→ Instructions to follow:
Pictures stay out; please output the remaining data exactly.

→ Input data:
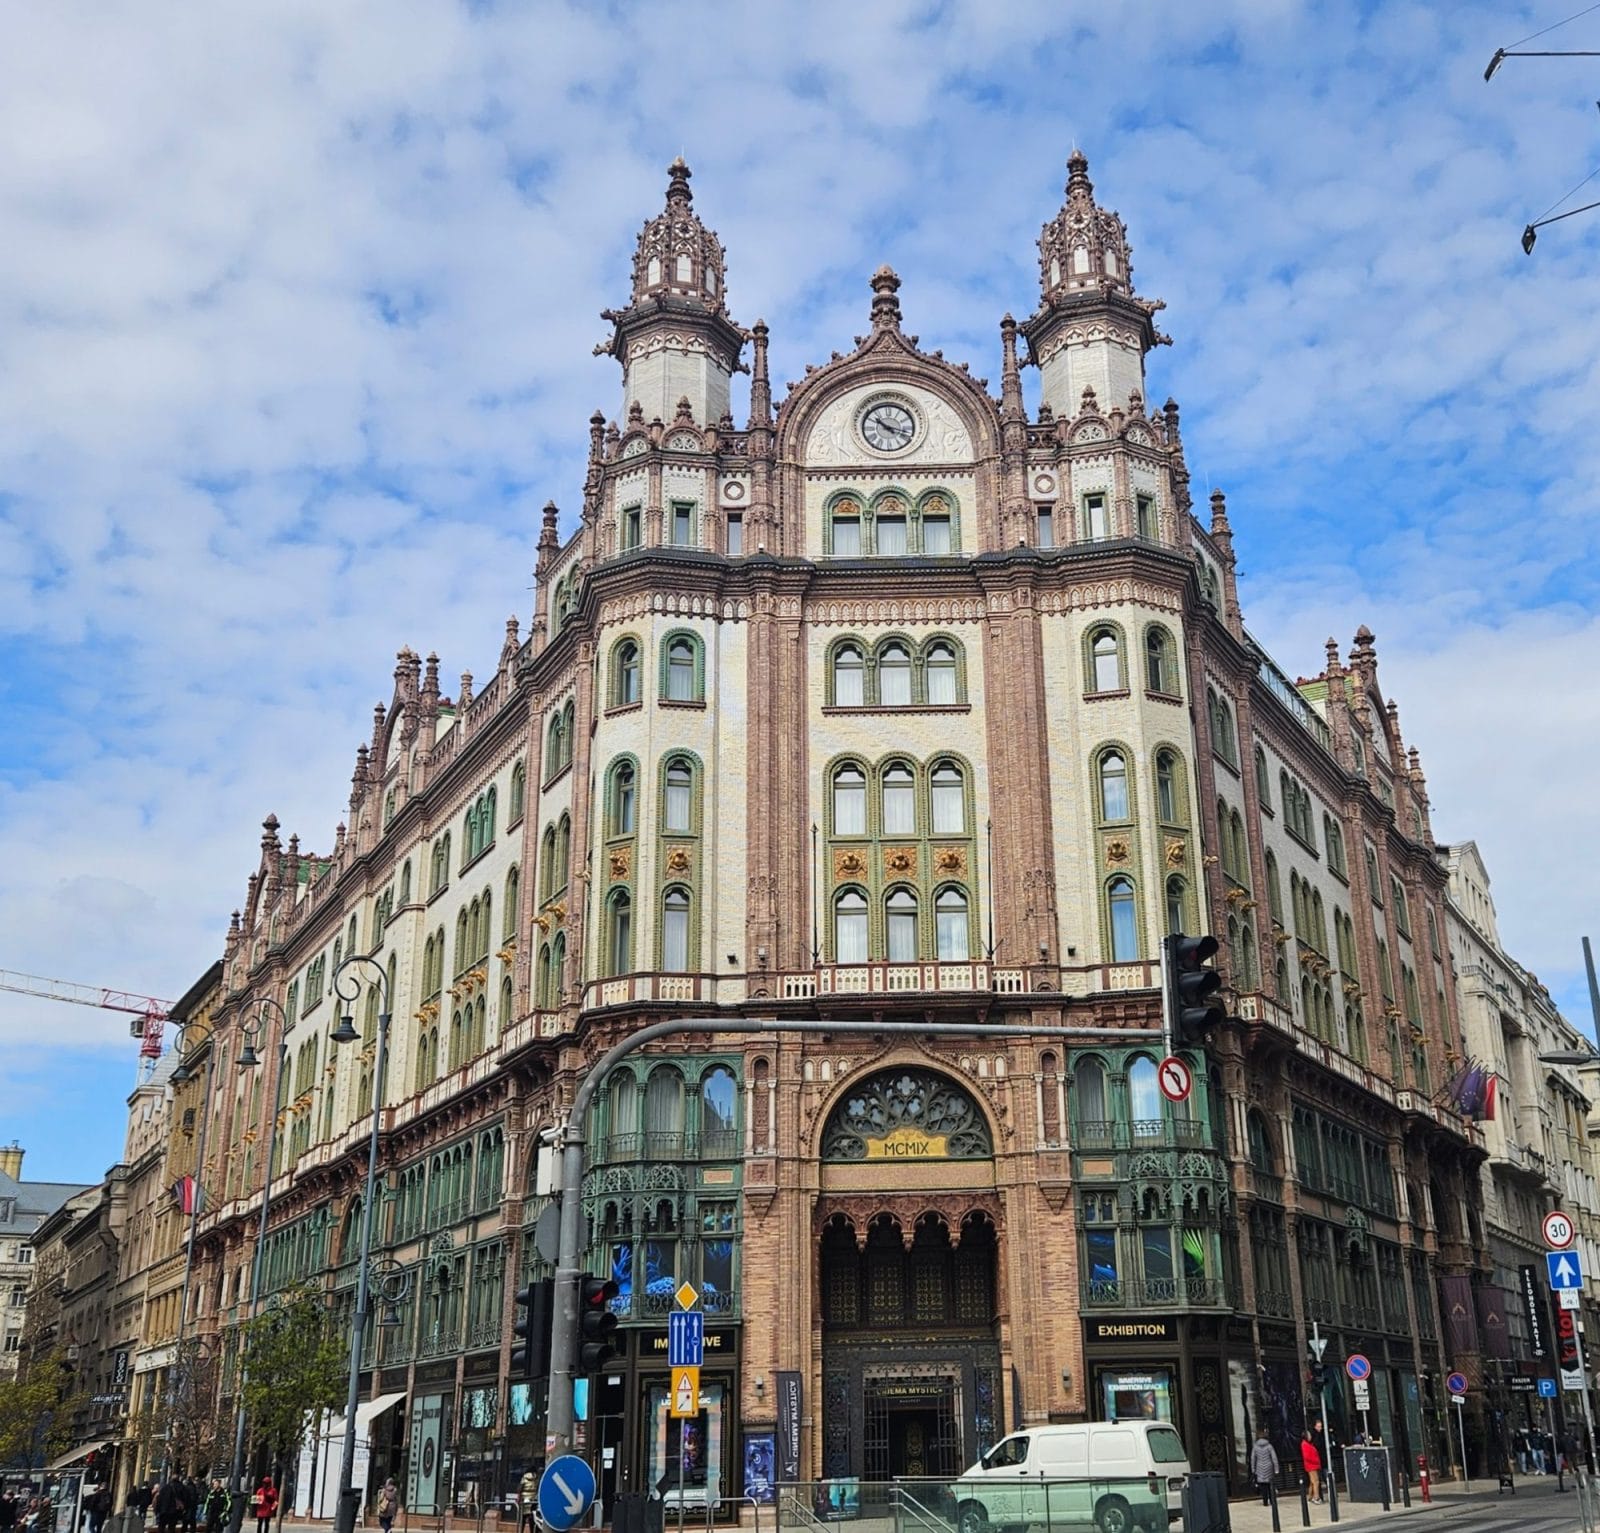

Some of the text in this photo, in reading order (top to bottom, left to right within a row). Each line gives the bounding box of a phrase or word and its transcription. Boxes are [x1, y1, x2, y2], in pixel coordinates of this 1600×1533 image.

[884, 1142, 929, 1156] MCMIX
[1551, 1223, 1566, 1238] 30
[1098, 1324, 1166, 1336] EXHIBITION
[654, 1336, 721, 1349] IMIVE
[1543, 1382, 1551, 1394] P

→ Problem solution:
Some of the text in this photo, in reading order (top to bottom, left to right within a row). Each line gives the bounding box of a phrase or word and its transcription. Boxes are [x1, y1, x2, y2], in pixel coordinates of this 1600×1533 image.

[884, 1142, 929, 1156] MCMIX
[1551, 1223, 1566, 1238] 30
[1098, 1324, 1166, 1336] EXHIBITION
[654, 1336, 721, 1349] IMIVE
[1543, 1382, 1551, 1394] P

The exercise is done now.